Disclosure opportunities 

HMRC is convinced there is a large population who fail to declare all of their taxable income. So it has set up a permanent digital disclosure service (DDS) to allow individuals, companies and trustees to come clean about their tax affairs. 
UK matters 
The DDS allows the taxpayer, or you as their tax agent, to make a declaration under any of the current open disclosure campaigns for: 
  • Let property 
  • Second incomes 
  • Credit card sales; and 
  • Worldwide interests (see below) 
However, to use the DDS the person has to set-up a Government Gateway account. As an agent you should already have Government Gateway login and password, so that should not be a problem. 
The DDS can’t be used to correct errors on tax returns already submitted for SA, VAT, IHT or payroll. It should not be used to report any incidence of tax fraud committed by the taxpayer or by another person. 
The worldwide disclosure facility opened on 5 September 2016 to replace the various offshore disclosure facilities (including LDF) which closed last year. However, there are no special penalty reductions available with the worldwide disclosure facility, only a threat of more penalties if a full disclosure is not made by 30 September 2018. 
After that date new legislation will come into effect which will impose a requirement on taxpayers to declare any UK tax liabilities relating to offshore interests. If the taxpayer fails to correct their UK tax declaration in respect of offshore interests, sanctions will be imposed.

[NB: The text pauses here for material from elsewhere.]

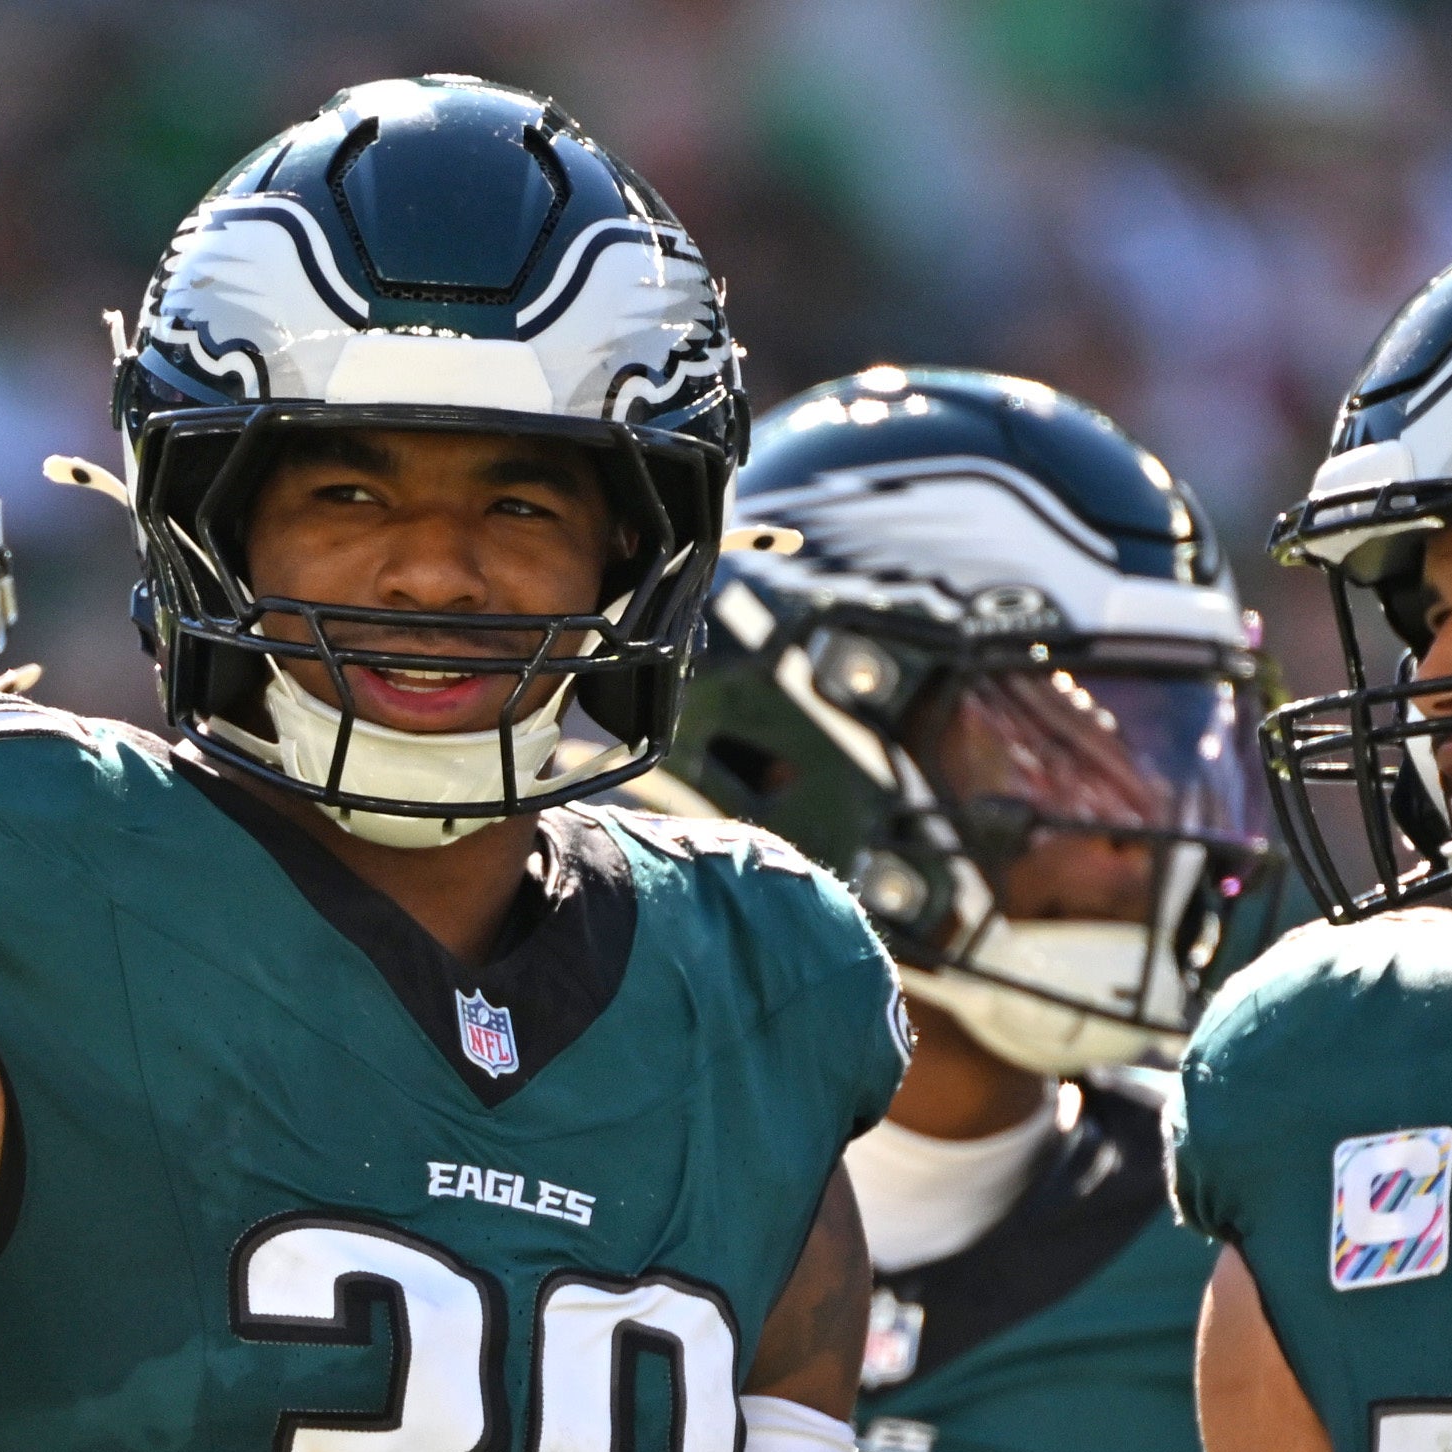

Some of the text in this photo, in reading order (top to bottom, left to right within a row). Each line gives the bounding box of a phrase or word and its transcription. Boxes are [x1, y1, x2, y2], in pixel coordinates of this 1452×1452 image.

HMRC is consulting on the design and implementation of those sanctions. 
HMRC is banking on the fact that from 2018 it will have access to vast amounts of taxinformation reported under the common reporting standard (CRS), from over 100 countries around the world. This CRS data will allow HMRC to identify UK taxpayers who have not fully declared their overseas interests. In addition, there is a separate initiative between; UK, Germany, France, Italy and Spain to share data from registers of beneficial ownership of companies and properties. 
Finally, you should be aware of a separate discussion document on strengthening taxavoidance sanctions and deterrents, which is explicitly aimed at tax advisers, accountants, financial advisers and anyone who helps to set up companies or other vehicles which are used in the implementation of tax avoidance. The penalties imposed upon the adviser in such cases could well exceed that paid by the taxpayer.

This is an
extract from our topical tax tips newsletter dated 15 September
2016 (5 days before we publish an extract on this blog). You can obtain future issues by registering here>>>

full newsletter contained the remainder of this item plus links to related source material and the
other two topical, timely and commercial tax tips. We’ve been
publishing this newsletter weekly since 2007; it’s clearly written
and focused on precisely what accountants in general practice need to
know about each week.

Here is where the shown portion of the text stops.